Che cosa alimenta ogni giorno l'antipolitica, la fa crescere, la fa divenire un elemento che struttura la società e il sistema politico, che allontana i cittadini dall'idea stessa di partecipare alle elezioni, come dimostrano rilevazioni e sondaggi? Lo sappiamo, i fatti sono ormai da troppo tempo sotto gli occhi di tutti. E' un viluppo di corruzione e privilegi, di uso privato di risorse pubbliche e di spudorata impunità, che è divenuto sempre più stringente, che soffoca una democrazia in affanno e ne aggrava una crisi già drammatica. Ed è proprio la politica, vittima di questa deriva, a farsene complice, comportandosi come se non fossimo di fronte ad una emergenza devastante, perché essa stessa ha finito con il radicarsi sul terreno concimato da un finanziamento pubblico ai partiti che ha tradito le sue ragioni ed è divenuto veicolo di nuove opportunità corruttive, di diffusione dell'illegalità.
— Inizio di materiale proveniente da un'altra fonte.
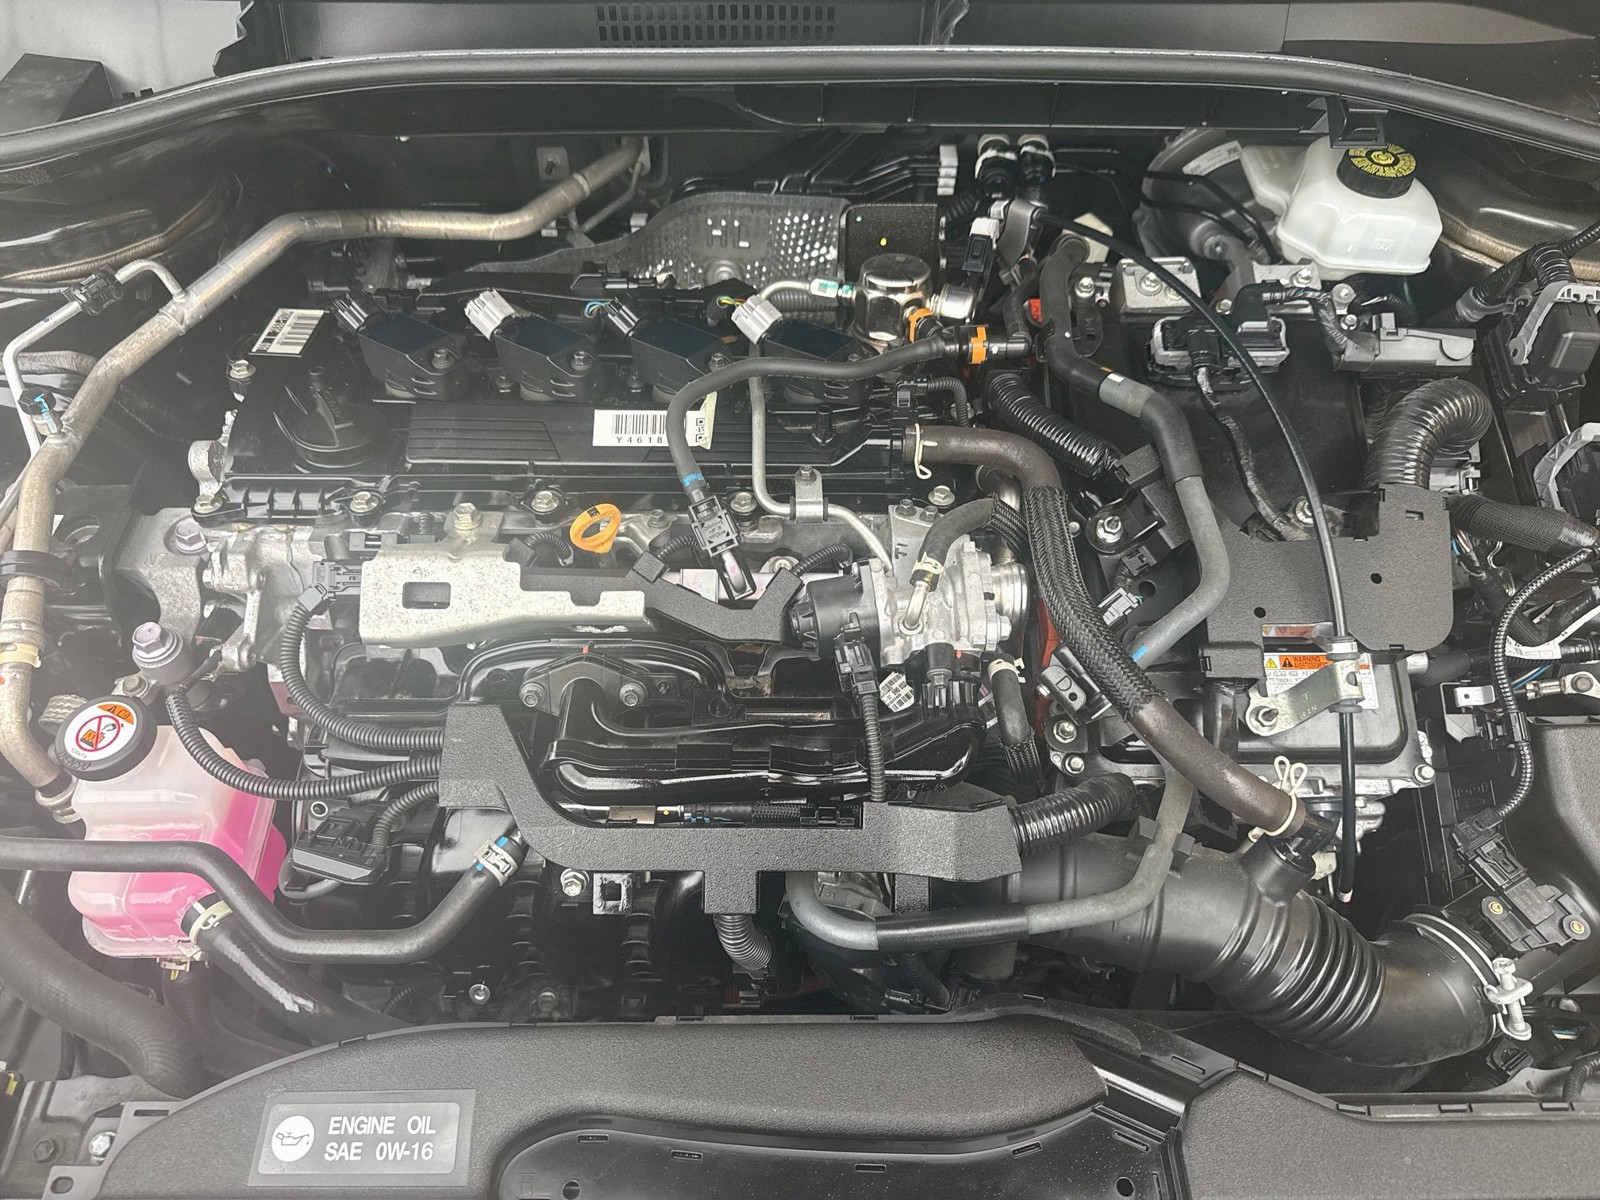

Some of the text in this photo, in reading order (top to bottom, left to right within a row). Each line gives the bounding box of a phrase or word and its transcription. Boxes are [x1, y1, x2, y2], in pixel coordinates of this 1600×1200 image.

[328, 1115, 437, 1135] ENGINE OIL
[324, 1141, 434, 1161] SAE 0W-16
A questi argomenti, o piuttosto constatazioni, si oppongono risposte indignate e virtuose. Basta con i moralismi, non si può fare d'ogni erba un fascio, non tutti i partiti sono allo stesso modo coinvolti negli scandali, i politici corrotti sono una minoranza. Ma queste sono parole ormai consumate, che suonano false. I politici onesti, i partiti che fanno certificare i loro bilanci non possono limitarsi ad essere i custodi della loro virtù. Essi, più d'ogni altro, hanno il dovere di agire, di pretendere un radicale mutamento, poiché non si può certo chiedere ai corrotti d'essere i protagonisti di una simile stagione.

Questi sono tempi di scoperte quotidiane dei modi fantasiosi in cui viene usato il denaro pubblico destinato ai partiti. Abbiamo conosciuto una nuova figura sociale, quella del tesoriere/faccendiere, sciolto da ogni vincolo, legittimato ad ogni impudicizia, milite ignoto per i leader dei partiti. Da lui si ritraggono, o meglio fingono di ritrarsi, i sodali di ieri. Ladri, pecore nere  -  questo sarebbero. E la responsabilità penale, come vuole la Costituzione, è e deve rimanere personale, non può contaminare gli altri dirigenti, gli onesti militanti. E così, per l'ennesima volta, viene eluso il nodo della responsabilità politica, che è assai diversa da quella penale, e ci si sottrae all'obbligo di mosse politiche impegnative, che avviino da subito quel tanto di rigenerazione di politica e partiti ancora possibile. 

È di ieri la notizia che la commissione sulle retribuzioni di parlamentari e amministratori pubblici, affidata al presidente dell'Istat Enrico Giovannini, si è arresa, ha rimesso il suo mandato e ha invitato la politica a prendersi le sue responsabilità. Dal Governo è venuta la prevedibile risposta burocratica: "Proseguirà la propria azione nell'obiettivo di giungere ad una razionalizzazione dei trattamenti retributivi in carico alle amministrazioni pubbliche". E il Parlamento, e i partiti? Si rendono conto che l'uscita di scena di quella commissione non fa nascere un problema, ma è la caduta di un alibi? Il tempo è scaduto. Una agenda politica responsabile deve avere in cima la questione del finanziamento pubblico.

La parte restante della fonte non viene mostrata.